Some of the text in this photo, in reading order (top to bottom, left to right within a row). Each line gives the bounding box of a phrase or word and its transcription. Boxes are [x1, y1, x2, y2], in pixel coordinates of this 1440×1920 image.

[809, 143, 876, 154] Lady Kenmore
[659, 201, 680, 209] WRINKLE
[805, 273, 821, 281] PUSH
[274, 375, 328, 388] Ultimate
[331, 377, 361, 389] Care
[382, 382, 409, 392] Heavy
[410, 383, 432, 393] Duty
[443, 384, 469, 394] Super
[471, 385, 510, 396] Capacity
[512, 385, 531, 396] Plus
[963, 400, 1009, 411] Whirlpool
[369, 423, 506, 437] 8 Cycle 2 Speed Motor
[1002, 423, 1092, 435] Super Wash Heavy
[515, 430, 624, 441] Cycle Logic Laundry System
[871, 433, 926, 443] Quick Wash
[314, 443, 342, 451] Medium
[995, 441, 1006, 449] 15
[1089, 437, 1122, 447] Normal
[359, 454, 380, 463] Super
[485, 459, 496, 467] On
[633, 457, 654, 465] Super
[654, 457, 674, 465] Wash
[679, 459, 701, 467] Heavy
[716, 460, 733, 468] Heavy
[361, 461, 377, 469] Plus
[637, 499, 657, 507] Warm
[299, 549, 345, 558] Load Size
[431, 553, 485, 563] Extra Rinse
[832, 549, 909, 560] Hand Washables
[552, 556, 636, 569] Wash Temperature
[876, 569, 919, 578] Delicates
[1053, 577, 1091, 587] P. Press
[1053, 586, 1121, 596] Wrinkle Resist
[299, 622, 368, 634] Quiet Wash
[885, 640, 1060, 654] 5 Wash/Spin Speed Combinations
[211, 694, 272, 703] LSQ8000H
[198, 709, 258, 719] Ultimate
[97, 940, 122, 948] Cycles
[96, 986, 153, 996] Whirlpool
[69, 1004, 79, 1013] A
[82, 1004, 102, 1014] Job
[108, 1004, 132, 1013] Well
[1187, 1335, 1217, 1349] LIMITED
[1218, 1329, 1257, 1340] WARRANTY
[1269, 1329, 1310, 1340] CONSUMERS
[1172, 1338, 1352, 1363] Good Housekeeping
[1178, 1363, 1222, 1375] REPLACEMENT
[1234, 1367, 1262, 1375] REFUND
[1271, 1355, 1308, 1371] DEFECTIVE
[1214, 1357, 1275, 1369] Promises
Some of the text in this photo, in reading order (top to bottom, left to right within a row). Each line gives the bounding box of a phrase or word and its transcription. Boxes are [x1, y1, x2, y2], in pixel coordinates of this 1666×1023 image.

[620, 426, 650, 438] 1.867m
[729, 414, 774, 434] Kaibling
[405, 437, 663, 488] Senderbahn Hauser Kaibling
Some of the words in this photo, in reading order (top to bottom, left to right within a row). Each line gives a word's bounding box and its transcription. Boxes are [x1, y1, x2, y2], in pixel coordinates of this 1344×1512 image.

### Your goal
Nothing but the lines from the one containing "this 1666×1023 image." to the end of the material should be printed, each exactly as written.

### Result of this task
Some of the text in this photo, in reading order (top to bottom, left to right within a row). Each line gives the bounding box of a phrase or word and its transcription. Boxes are [x1, y1, x2, y2], in pixel coordinates of this 1666×1023 image.

[620, 426, 650, 438] 1.867m
[729, 414, 774, 434] Kaibling
[405, 437, 663, 488] Senderbahn Hauser Kaibling
Some of the words in this photo, in reading order (top to bottom, left to right within a row). Each line gives a word's bounding box and its transcription. Boxes are [x1, y1, x2, y2], in pixel coordinates of this 1344×1512 image.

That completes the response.